**Collected data**.

=== Begin Enclosure ===

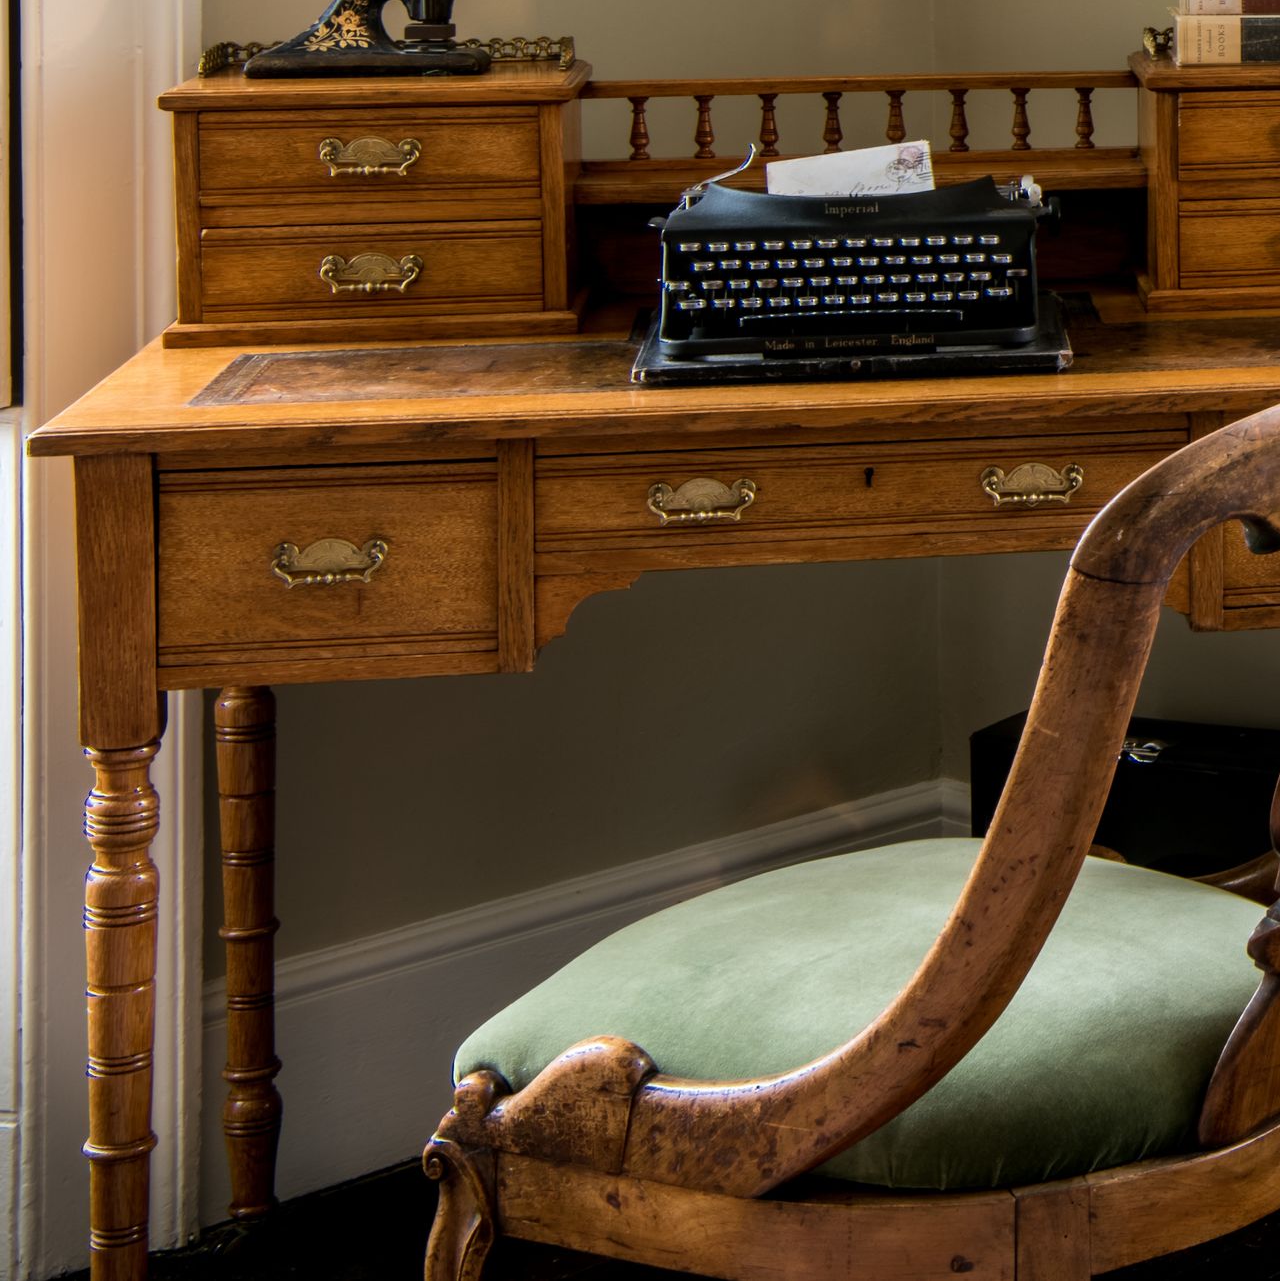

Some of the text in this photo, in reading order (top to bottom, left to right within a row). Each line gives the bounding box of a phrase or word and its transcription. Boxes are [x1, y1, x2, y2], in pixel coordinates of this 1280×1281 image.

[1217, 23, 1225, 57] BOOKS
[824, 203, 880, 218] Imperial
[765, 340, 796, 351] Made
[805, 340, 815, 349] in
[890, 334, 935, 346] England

=== End Enclosure ===

The expected answer is the complete set of entries, copied verbatim, with no pictures.

**REPLY TO THE EXERCISE**.
Some of the text in this photo, in reading order (top to bottom, left to right within a row). Each line gives the bounding box of a phrase or word and its transcription. Boxes are [x1, y1, x2, y2], in pixel coordinates of this 1280×1281 image.

[1217, 23, 1225, 57] BOOKS
[824, 203, 880, 218] Imperial
[765, 340, 796, 351] Made
[805, 340, 815, 349] in
[890, 334, 935, 346] England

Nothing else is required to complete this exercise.